Obama's first stop in Dillingham was proof that salmon is king here on the southwest edge of Alaska. The First Fisherman held up a silver salmon while posing for news cameras at Kanakanak Beach. He sampled salmon jerky. (“Outstanding,” was his politic review.) He talked to local fisherwomen.

And he said the scale of the salmon fishery here is remarkable and key to the economy and the country both.

“That's part of the reason why it's so critical that we make sure that we protect this incredible natural resource,” he said, adding, to applause from the crowd, “That's one of the reasons we've shut off oil and gas exploration here.”

Marilyn Heiman, director of the U.S. Arctic Program for Pew Charitable Trusts, said Wednesday that “the people of Bristol Bay really want to thank the president for what he's done.
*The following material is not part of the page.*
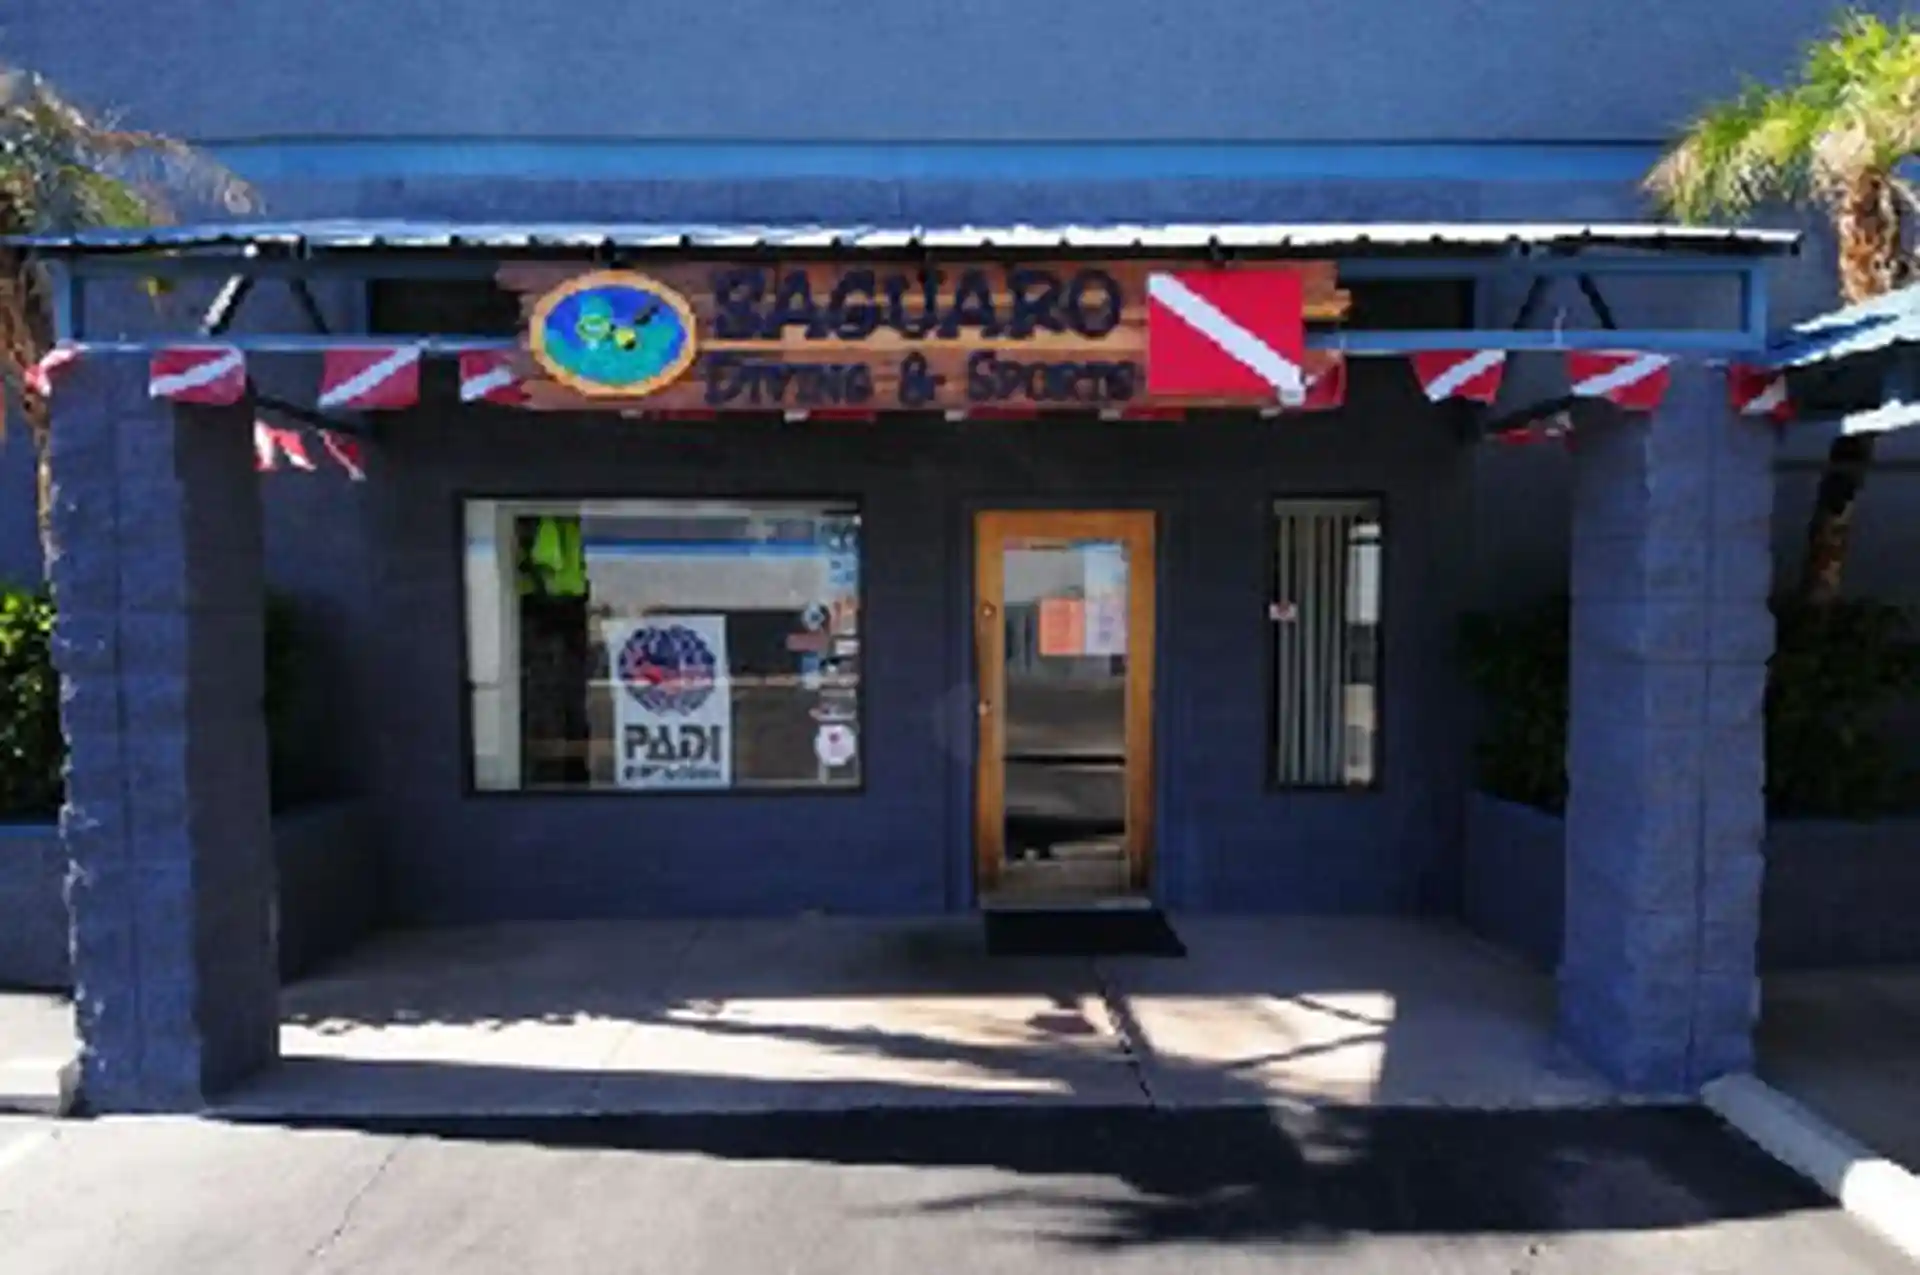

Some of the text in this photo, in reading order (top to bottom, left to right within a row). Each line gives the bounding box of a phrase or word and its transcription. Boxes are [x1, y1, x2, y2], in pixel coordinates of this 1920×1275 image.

[713, 266, 1122, 339] SAGUARO
[706, 351, 1139, 405] DIVING & SPORTS
[624, 724, 722, 763] PADI
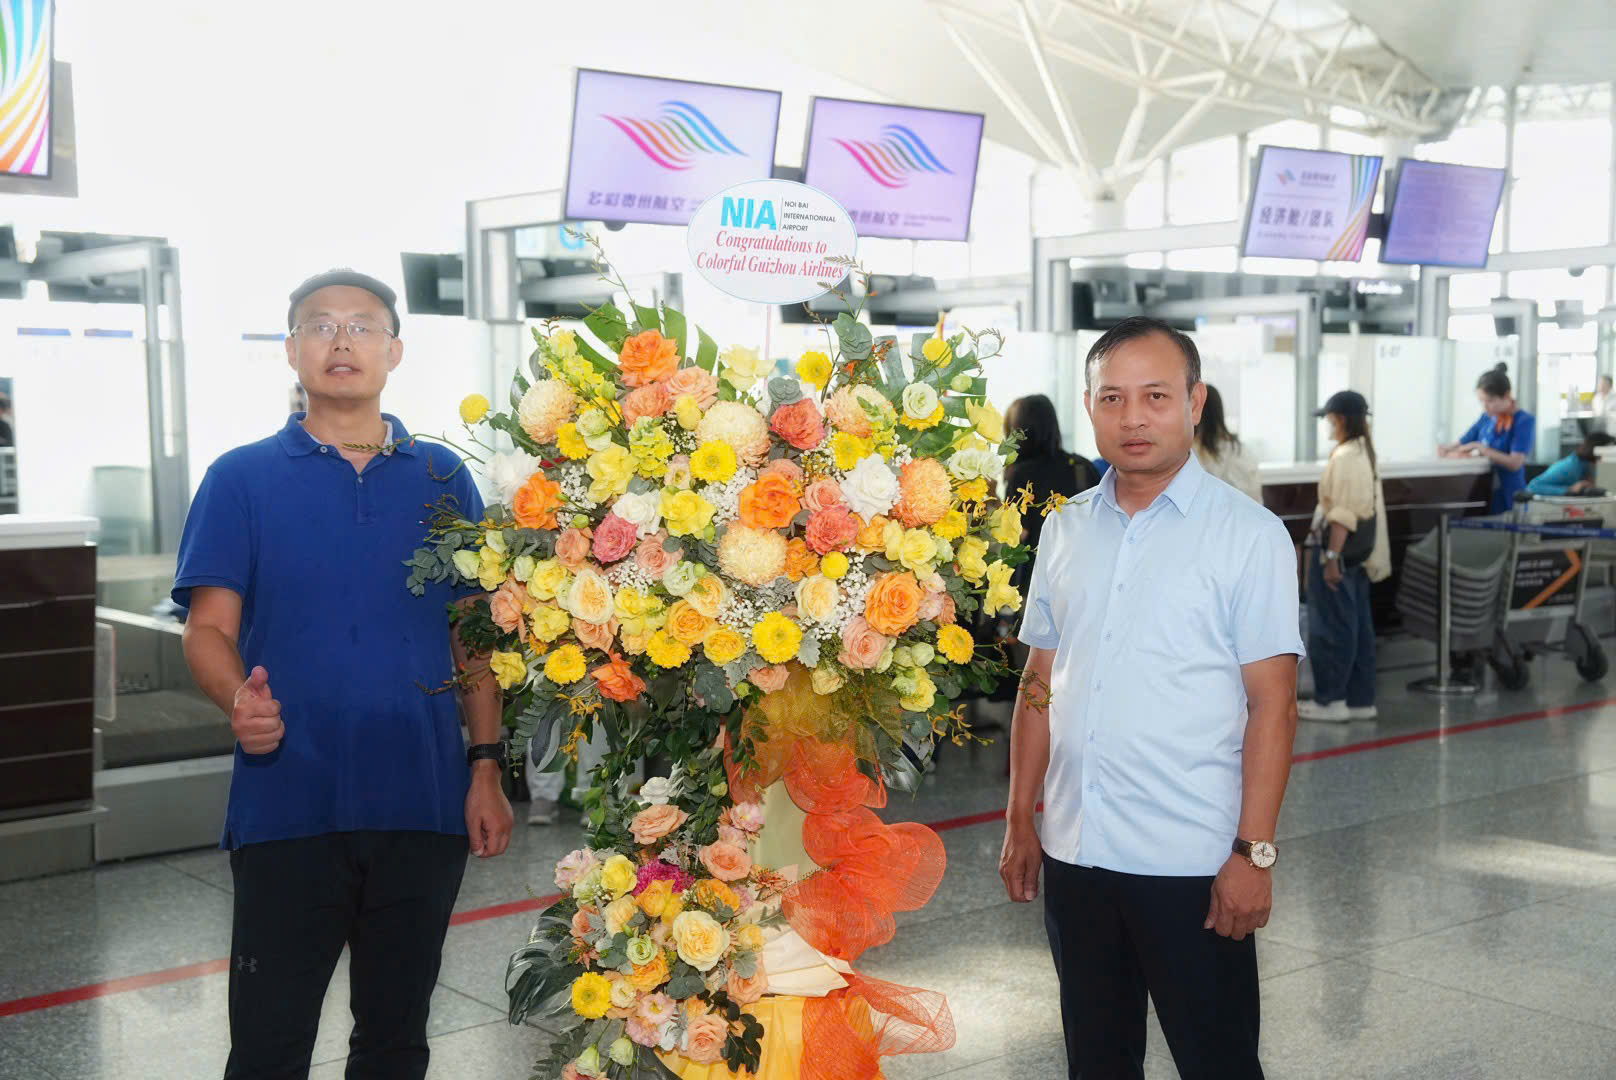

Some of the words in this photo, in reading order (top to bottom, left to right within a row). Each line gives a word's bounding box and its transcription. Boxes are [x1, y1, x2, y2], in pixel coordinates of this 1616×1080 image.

They really appreciate that his administration had recognized the Bristol Bay is a treasure that should be protected.”

To Kimberly Williams, a Bristol Bay fisherwoman and executive director of the Nunamta Aulukestai coalition of Alaska Native Villages, the president deserves a warm welcome, “but we still need his help to protect the salmon’s Bristol Bay spawning grounds from the Pebble Mine.”

Obama's final Alaska stop was the town of Kotzebue; when he touched down, he became the first sitting president to visit the Arctic. As he told the audience during a speech at Kotzebue School, “I couldn't be prouder to be the first and to spend some time with all of you.”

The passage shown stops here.